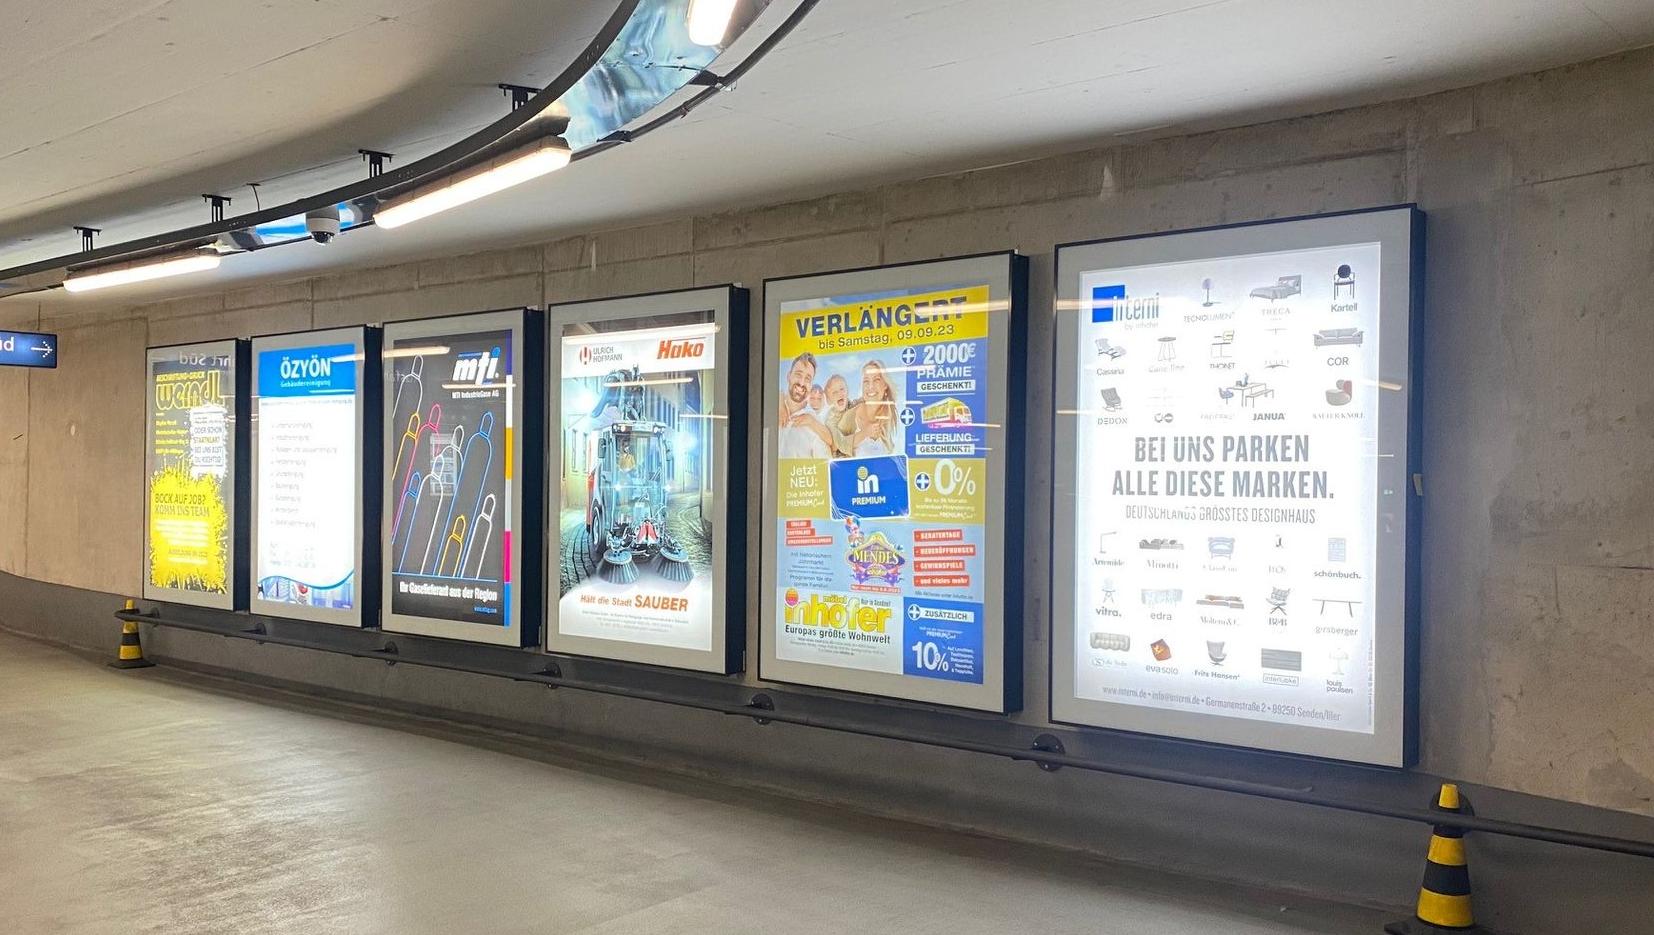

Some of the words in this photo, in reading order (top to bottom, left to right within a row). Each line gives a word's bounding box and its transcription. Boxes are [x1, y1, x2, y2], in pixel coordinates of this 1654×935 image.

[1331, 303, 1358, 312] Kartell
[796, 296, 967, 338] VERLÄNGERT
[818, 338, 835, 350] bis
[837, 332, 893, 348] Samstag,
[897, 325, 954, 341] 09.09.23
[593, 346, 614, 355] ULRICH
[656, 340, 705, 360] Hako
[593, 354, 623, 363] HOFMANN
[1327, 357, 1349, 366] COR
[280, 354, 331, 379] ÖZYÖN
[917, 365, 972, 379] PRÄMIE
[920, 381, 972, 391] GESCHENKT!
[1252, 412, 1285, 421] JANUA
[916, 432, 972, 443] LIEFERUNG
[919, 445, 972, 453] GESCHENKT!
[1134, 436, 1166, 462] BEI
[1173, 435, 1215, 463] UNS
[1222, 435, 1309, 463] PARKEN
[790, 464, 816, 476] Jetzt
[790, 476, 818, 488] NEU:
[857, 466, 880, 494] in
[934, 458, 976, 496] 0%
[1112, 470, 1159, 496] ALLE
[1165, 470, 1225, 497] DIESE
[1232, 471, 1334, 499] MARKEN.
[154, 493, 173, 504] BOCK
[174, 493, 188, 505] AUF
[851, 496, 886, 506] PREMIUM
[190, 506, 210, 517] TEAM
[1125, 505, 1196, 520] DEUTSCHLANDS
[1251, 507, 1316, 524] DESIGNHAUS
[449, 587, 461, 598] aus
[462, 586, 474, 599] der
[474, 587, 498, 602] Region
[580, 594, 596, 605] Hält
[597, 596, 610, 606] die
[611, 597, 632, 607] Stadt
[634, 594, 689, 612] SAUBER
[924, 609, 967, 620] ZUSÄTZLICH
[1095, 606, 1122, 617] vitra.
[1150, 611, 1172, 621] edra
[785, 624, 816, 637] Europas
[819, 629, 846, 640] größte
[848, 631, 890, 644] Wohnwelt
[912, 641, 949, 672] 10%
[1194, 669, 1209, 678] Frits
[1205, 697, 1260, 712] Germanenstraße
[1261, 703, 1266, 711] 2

——

Filter the entries down to the lines that include the string "GESCHENKT".

[920, 381, 972, 391] GESCHENKT!
[919, 445, 972, 453] GESCHENKT!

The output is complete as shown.